For the first time this decade, the U.S. Census Bureau will report today that the populations of Minnesota's two big central cities, as well as those of a number of their first-ring suburbs, are rising, even as growth in newer suburbs farther out is tapering off.
Pointing to trends in building permits, local officials have insisted for some time that these changes have been happening. But this is the first time the nation's top arbiter of population trends has agreed.
Throughout the decade, the Census Bureau has recorded population declines in Minneapolis, St. Paul and older suburbs such as Edina, Bloomington, St. Louis Park and Hopkins. But now they and others are on the rise.
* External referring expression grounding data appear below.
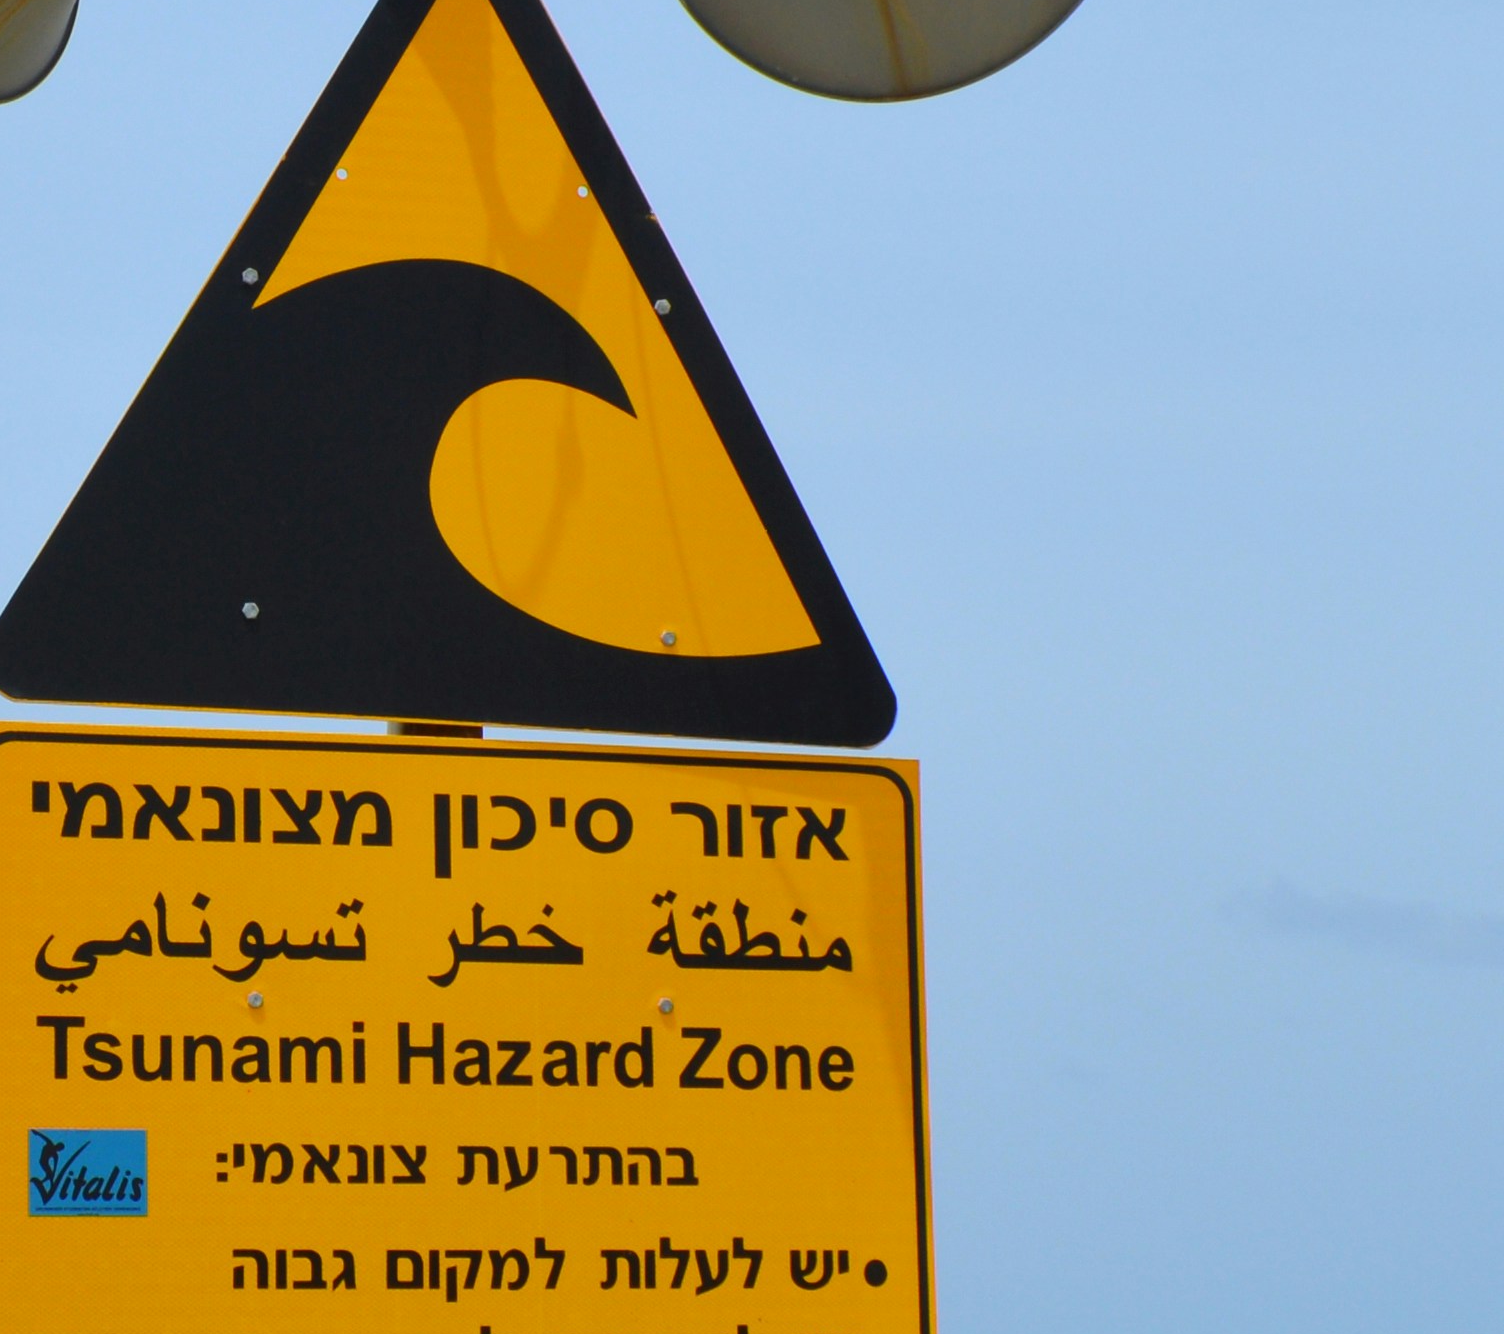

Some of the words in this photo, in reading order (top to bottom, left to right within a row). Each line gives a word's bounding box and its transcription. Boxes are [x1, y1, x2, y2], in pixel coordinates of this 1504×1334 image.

[32, 782, 392, 847] מצונאמי
[435, 795, 633, 879] סיכון
[672, 803, 849, 861] אזור
[35, 892, 366, 994] تسونامي
[429, 903, 584, 988] خطر
[648, 890, 853, 972] منطقة
[37, 1017, 366, 1084] Tsunami
[398, 1023, 654, 1088] Hazard
[679, 1028, 854, 1092] Zone
[29, 1139, 144, 1205] Vitalis
[216, 1143, 427, 1184] צונאמי:
[457, 1146, 699, 1191] בהתרעת
[232, 1249, 356, 1290] גבוה
[386, 1238, 566, 1303] למקום
[602, 1237, 763, 1294] לעלות
[791, 1250, 850, 1291] יש
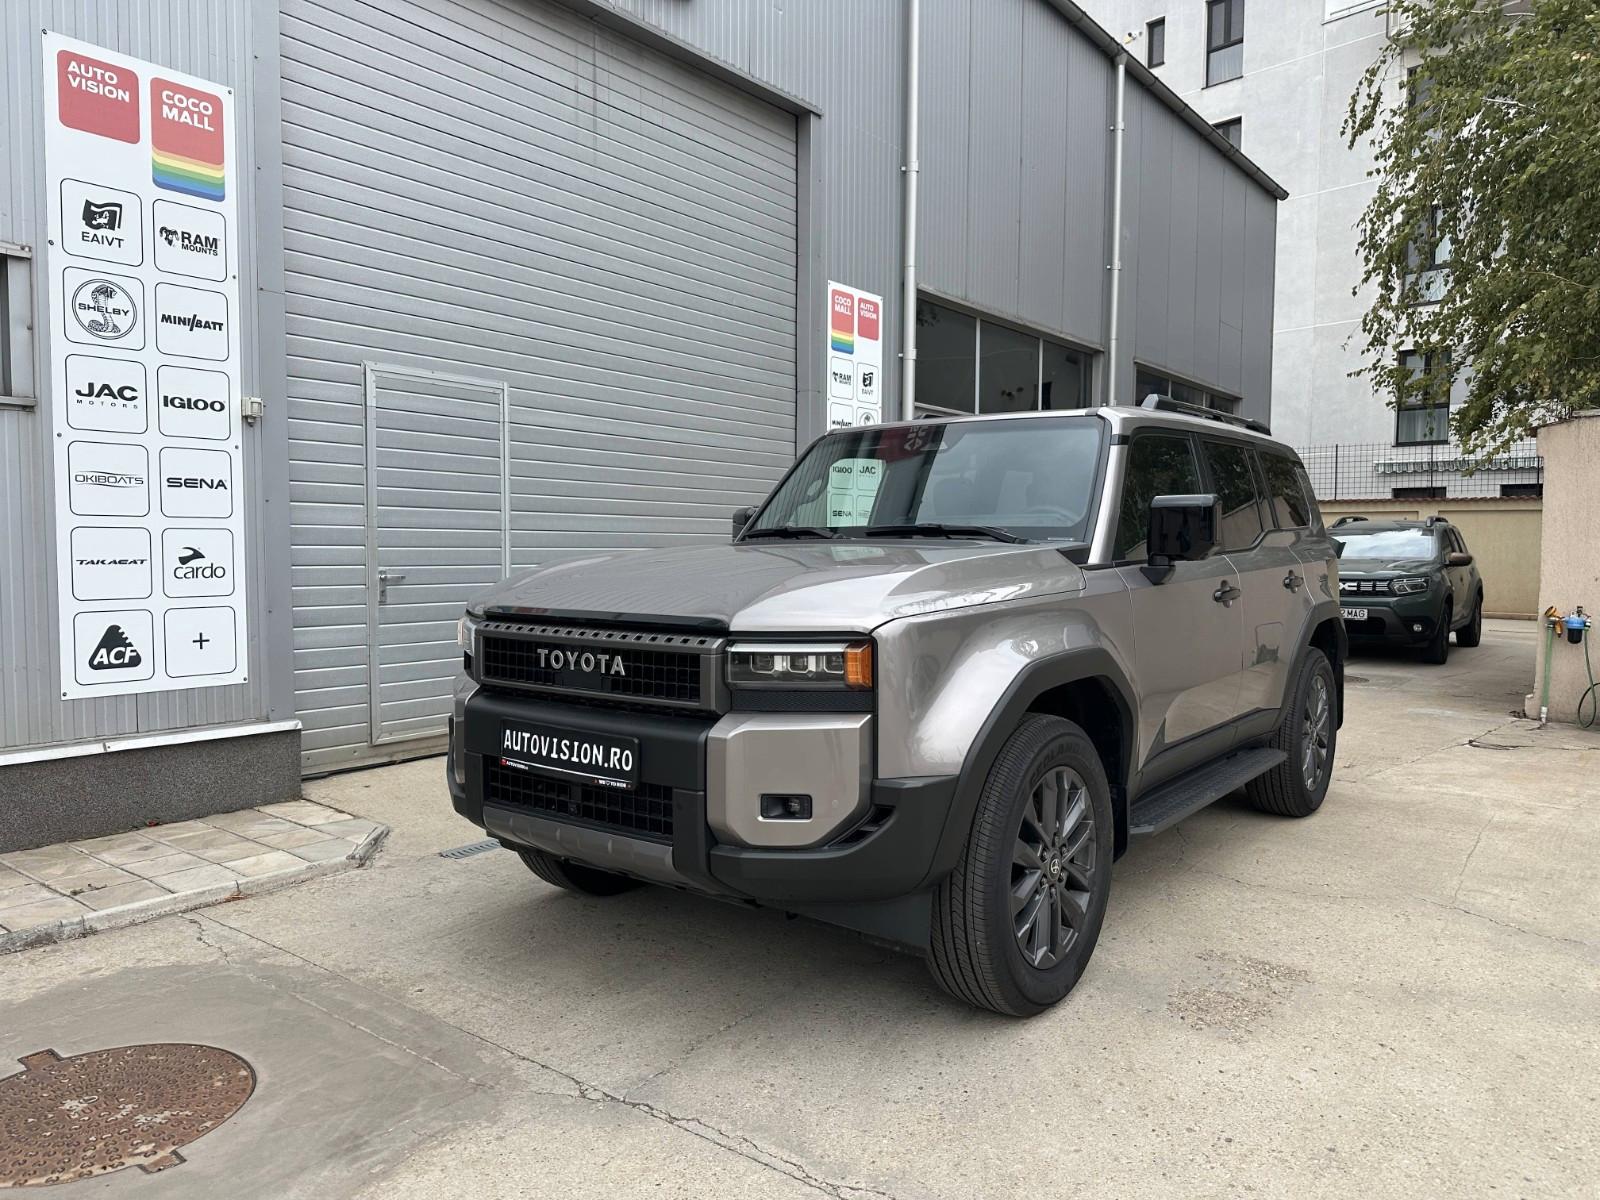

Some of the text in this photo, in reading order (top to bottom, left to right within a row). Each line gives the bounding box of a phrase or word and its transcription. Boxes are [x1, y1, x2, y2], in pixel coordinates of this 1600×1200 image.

[67, 60, 118, 85] AUTO
[67, 74, 130, 104] VISION
[161, 90, 213, 116] COCO
[161, 103, 214, 133] MALL
[81, 231, 125, 249] EAIVT
[181, 231, 218, 250] RAM
[181, 243, 218, 257] MOUNTS
[78, 302, 129, 316] SHELBY
[834, 295, 852, 306] COCO
[860, 302, 874, 311] AUTO
[834, 304, 852, 316] MALL
[860, 309, 877, 320] VISION
[75, 382, 139, 402] JAC
[76, 399, 138, 409] MOTORS
[163, 395, 226, 413] IGLOO
[859, 466, 876, 474] JAC
[75, 474, 144, 486] OKIBOATS
[166, 477, 227, 490] SENA
[173, 562, 226, 580] cardo
[93, 646, 138, 665] ACF
[537, 648, 625, 676] TOYOTA
[503, 729, 632, 771] AUTOVISION.RO
It's a change being seen in a number of similar metro areas, said demographer William Frey of the Brookings Institution in Washington.
"A lot of older cities in the Midwest and Northeast are seeing greater gains or reduced declines," he said. "St. Paul actually flips, from 'down' to 'up.' And it may not just be a blip. Four-dollar gas may go a long ways toward slowing movement to the suburbs."
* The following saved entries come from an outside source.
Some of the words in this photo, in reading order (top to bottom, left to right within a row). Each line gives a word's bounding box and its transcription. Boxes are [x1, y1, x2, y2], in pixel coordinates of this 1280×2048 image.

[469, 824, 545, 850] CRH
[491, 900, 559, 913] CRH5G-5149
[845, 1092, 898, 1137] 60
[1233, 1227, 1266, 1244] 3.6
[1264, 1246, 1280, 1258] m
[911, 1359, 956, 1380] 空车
The change for the two central cities may be related to a shift in methodology that seeks to do a better job of tracking the tidal wave of college students who are leaving home and moving into dorms and other housing near campuses, said Greg Harper, a Census Bureau demographer in Washington.
But for inner-ring suburbs, he said, the reason probably has to do with trends in real estate that are bringing more high-density development to suburbs.
Behind the change
Paul Krumrich is on the cusp of this change -- a man living on the seam between the suburbs and the city.
Having grown up, as he puts it, "in a pseudo-Farmington or -Lakeville in Wisconsin," he has chosen at age 35 to live 17 stories up in a sleek glassy tower a few steps away from a light-rail station in Bloomington.
"I can go for a 7-mile run beginning right outside my door, and see deer and beaver deep in the woods," he said. "But I'm a 20-minute train ride from downtown -- and I don't have to drive home from the bar."
It's a trend playing out in several inner-ring suburbs.
"We have a high-end Omaha developer pulling permits right now for high-end rentals, even as McGough [developer of Reflections, the development Krumrich bought into in 2006] is getting to the point of proceeding with a third tower," said Larry Lee, Bloomington's development chief.
"We expect that 3,000 people will live near that light-rail station before too much longer -- not huge compared to all of Bloomington, but a substantial neighborhood, enough to support a Starbucks. This is a market sector that is very much alive."
Demographers have been warning the housing industry for years that a profound market shift was coming, with far fewer white-picket-fence, soccer-league families.
In April 2006, in a newsletter called the "Hot Sheet," the Builders Association of the Twin Cities published predictions that the number of "move-up buyers," ages 35 to 49, would plummet in the last half of this decade, even as the numbers of apartment dwellers (ages 20 to 29), first-time buyers (ages 25 to 34) and "downsizers" (60 and older) would soar.
Both Twin Cities grow
Today's release of census estimates, which cover the period up to mid-2007, is not the first to hint that that was truly coming to pass. For the past couple of years, population growth in the hypergrowth suburbs of the 1990s has been tapering off. And last year, the 2006 estimate for Minneapolis was up by just a sliver, about 300.
But this year, St. Paul is up by nearly 1,000, to 277,251, and with Minneapolis up by more than 2,300, to 377,392, the two combined see their first increase of the decade.
At the same time, some inner-ring suburbs encouraging high-rises and other forms of high-density development are being credited with bumps upward for the first time this decade.
St. Louis Park, for instance, with big new projects such as Hoigaard Village along a future light-rail line to the southwest, is up by more than 600, to 44,028, after seeing small declines throughout the decade. Bloomington is up by a whisker -- 151 -- but it's the first increase of any sort after losses of thousands earlier.
Metropolitan Council estimates due out within a week or so are considered more reliable guides to what's happening within individual cities. But the census numbers go out across the nation and affect a city's reputation.
"Perception is important," Frey said. "And when 'negative' turns to 'positive,' people feel good."